Kyle Uithoven Kyle Uithoven - 3 months ago 29
C# Question

Naming conventions for Constructor Arguments?

Hey guys, I always have an issue with similarities between the names of the Public variables in a class and the arguments I am passing into the same classes constructor.

When you are defining a new instance of an object, for example, Car. The only thing that the user/programmer can see is the names and type of the arguments that is it looking for.

For Example:

public Car(Color BodyColor, int NumOfDoors, int SizeOfWheels)

The user would see these names and types, and would only be able to know what they are based on their type and name, exluding any xml summary tags.

Now, we always want our public variables to be very specific as well.

For Example:

public Color BodyColor { get; set; }
public int NumOfDoors { get; set; }
public int SizeOfWheels { get; set; }

Now, we can get to my question. Using these one-line properties, instead of defining a private instance of the variable and creating the property for that, how does one make these variable names more clear?
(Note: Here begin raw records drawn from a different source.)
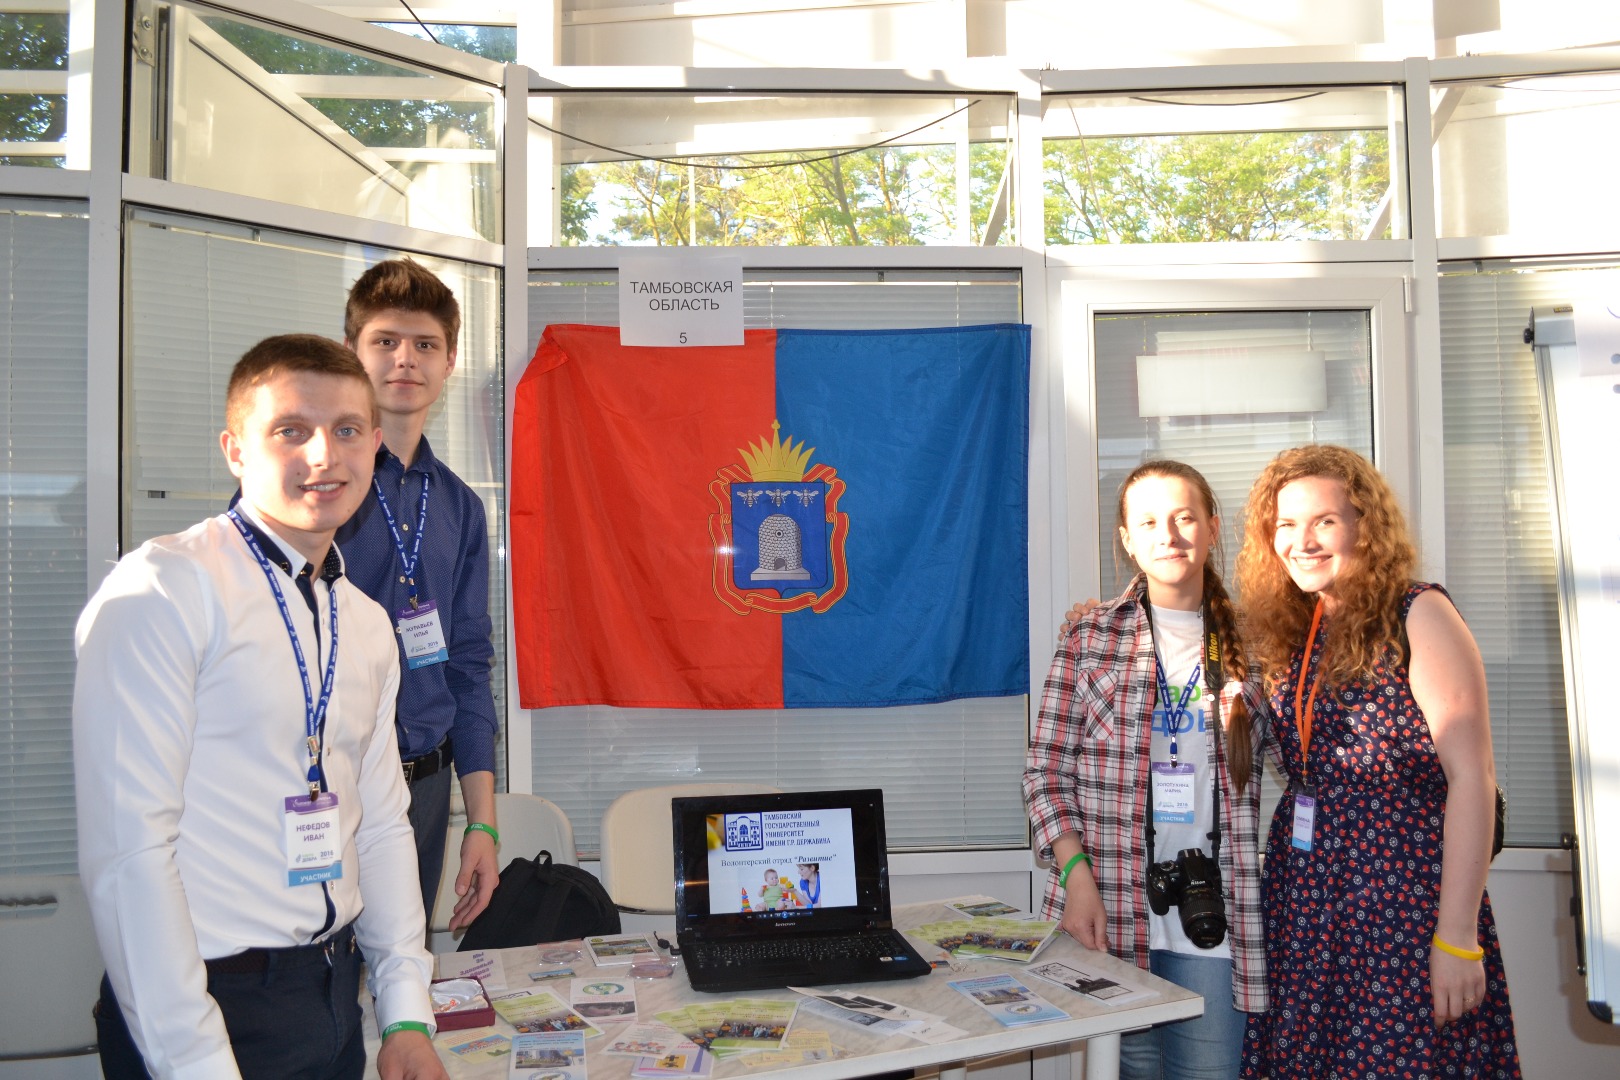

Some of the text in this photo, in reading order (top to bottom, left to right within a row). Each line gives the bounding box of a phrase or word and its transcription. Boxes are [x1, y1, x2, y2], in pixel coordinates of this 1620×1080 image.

[630, 281, 733, 294] ТАМБОВСКАЯ
[649, 298, 720, 311] ОБЛАСТЬ
[679, 332, 688, 344] 5
[1209, 632, 1219, 662] Nikon
[763, 812, 802, 821] ТАМБОВСКИЙ
[296, 821, 331, 832] НЕФЕДОВ
[764, 820, 820, 829] ГОСУДАРСТВЕННЫЙ
[303, 833, 325, 842] ИВАН
[765, 830, 805, 838] УНИВЕРСИТЕТ
[765, 839, 786, 847] ИМЕНИ
[796, 837, 831, 846] ДЕРЖАВИНА
[772, 857, 793, 866] отряд
[300, 872, 332, 882] УЧАСТНИК
I am trying to use naming conventions that other users will find understandable and easy to read.

Right now the constructor looks like

public Car(Color BodyColor, int NumOfDoors, int SizeOfWheels)
this.BodyColor = BodyColor;
this.NumOfDoors = NumOfDoors;
this.SizeOfWheels = SizeOfWheels;

Is this what other C# programmers would write? Is there a naming convention that already exists for this? At first glance, the above statement looks a tad messy, especially if you omit the


I have never seen method parameters with the first letter capitalized. I would suggest not doing this as it is not a standard. The 'this' also becomes unnecessary. The below code is more readable, in my opinion. Also, you will notice that .NET API calls' method parameters do not have their first letter capitalized. This applies to any function prototype, not just constructors.
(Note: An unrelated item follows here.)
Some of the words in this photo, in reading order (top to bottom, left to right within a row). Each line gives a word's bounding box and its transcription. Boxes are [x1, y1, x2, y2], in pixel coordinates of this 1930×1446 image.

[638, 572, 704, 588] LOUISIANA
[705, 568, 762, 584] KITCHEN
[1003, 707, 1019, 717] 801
Edit : If your properties are only SET in the constructor, I would suggest making the setters private (not shown in my example code here). Another good practice, if the values are never set again, is to have them backed by a field, and make the field read-only. That is a bit out of scope of your question, but is related to defining and naming fields and properties.

public Car(Color bodyColor, int numOfDoors, int sizeOfWheels)
     BodyColor = bodyColor;
     NumOfDoors = numOfDoors;
     SizeOfWheels = sizeOfWheels;

Note: Even the Stack Overflow syntax highlighting makes it readable compared to the code in your original question.